Here are two “buzz words” we hear a lot these days, childhood obesity. Of the over 525 listings in The Play & Playground Encyclopedia, a web-based business that gathers information about all play and playground-related topics, 60 of them (over 10%) contain messages about the rising concern of childhood obesity in our nation. www.pgpedia.com.
Currently, children in the United States spend a whopping 7.5 hours each day participating in sedentary media-based activities.
The Centers for Disease Control and Prevention recommend 60 minutes of daily physical activity for children and adolescents. However, only 4% of our schools provide for physical education or its equivalent.
In 1980, approximately 7% of our children were obese. In 2008, it was estimated that 18% of our children are considered obese.

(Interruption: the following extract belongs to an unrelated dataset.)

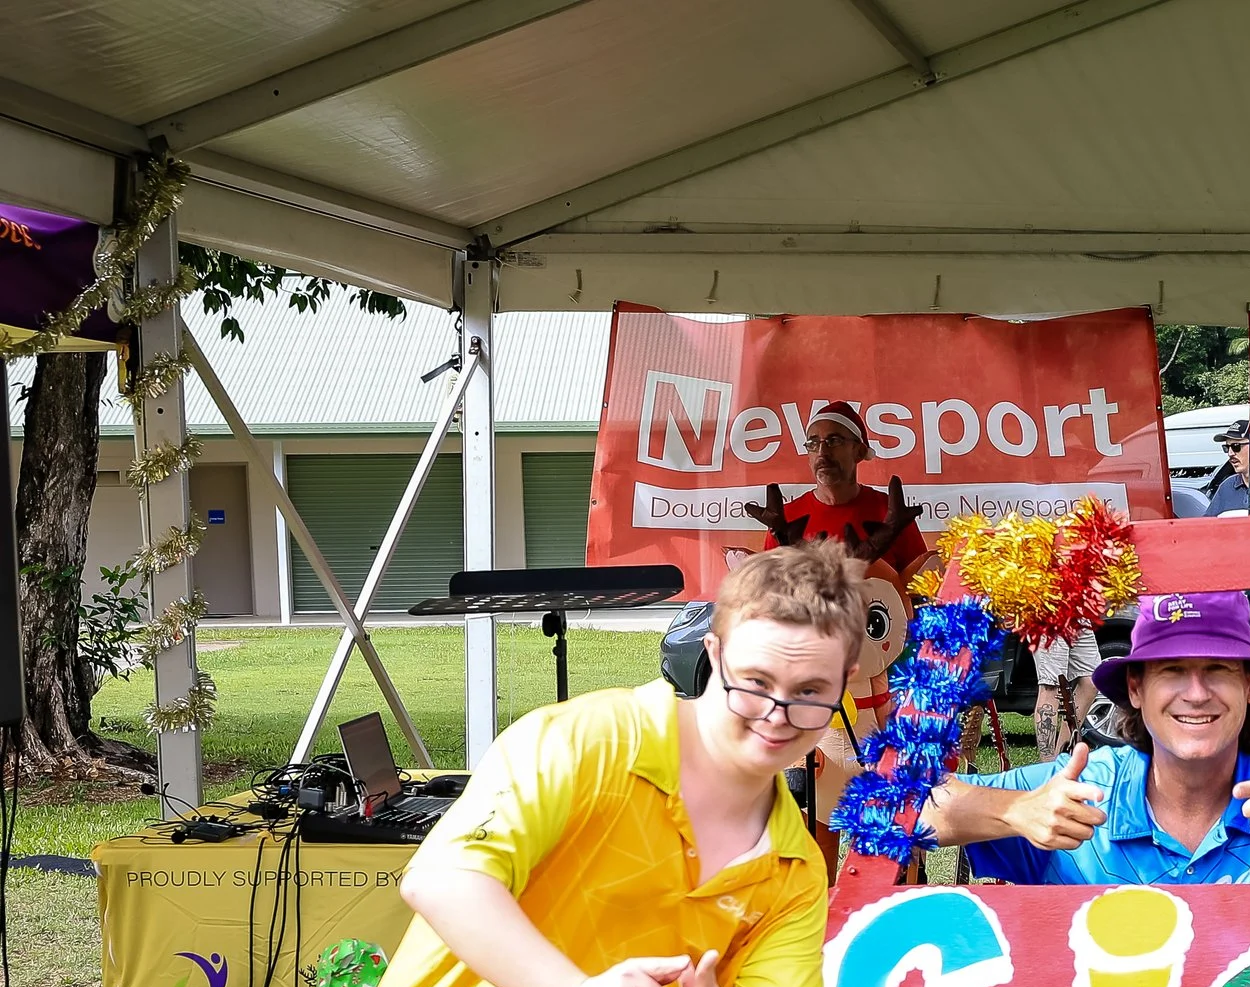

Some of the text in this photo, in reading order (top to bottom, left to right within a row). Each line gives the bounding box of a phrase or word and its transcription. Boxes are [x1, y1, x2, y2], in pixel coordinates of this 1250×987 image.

[126, 870, 403, 888] PROUDLY SUPPORTED BY

Ninty percent of families with an obese child do not seek help.
With statistics like those above, it may be hard to accept that there is a simple solution, and believe it or not, it is really only a two-step process.
First, provide and eat better quality food. Watch http://theweightofthenation.hbo.com.
And second, provide a place for children to play and then encourage its use. Here are two reasons why going to a playground is good for you:
1. Going to a public playground is free! Nearly every school and every neighborhood has a playground. Playgrounds have been recognized by states, counties, and municipalities as being of such great value to a community that our municiple tax dollars pay for them. If your community DOES NOT have a playground accessible to your family or the children you serve, then help build one. A great resource for finding information about playgrounds is The Play & Playground News Center at www.playgroundprofessionals.com
2. Going to the playground encourages you to unplug and be outside with your kids. Nearly every park and recreation department has established an “unplug and get outside” initiative to encourage families to turn off the computer, the Nintento™, the I-Phone™, the TV, and other electronics and spend time with loved ones outdoors instead. The First Lady, Michelle Obama established the Let’s Move Outside program which is being implemented at local levels everywhere. Simply type in a few key words like your state’s name, get outside, un-plug to find ways to build healthy habits. http://www.pgpedia.com/l/let%E2%80%99s-move-outside
OTHER STUFF IN THIS ISSUE
- Healthy Habits Help Children Adapt to Cold Weather
- Our FREE downloads are two indoor activities for kids to do while waiting for a chance to get outside to play
- The Slyde Toon is about how two things don’t mix: storms and playgrounds
- It takes two to play safely. Our PLAY-BACKtells kids to always BUDDY-UP at the playground
Healthy Habits Help Children Adapt to Cold Weather
A body will naturally adapt to the chill of winter by shifting more blood flow to the interior organs and away from hands, feet, and face. That’s good news for your inner core, but no so good news for little fingers, toes and faces.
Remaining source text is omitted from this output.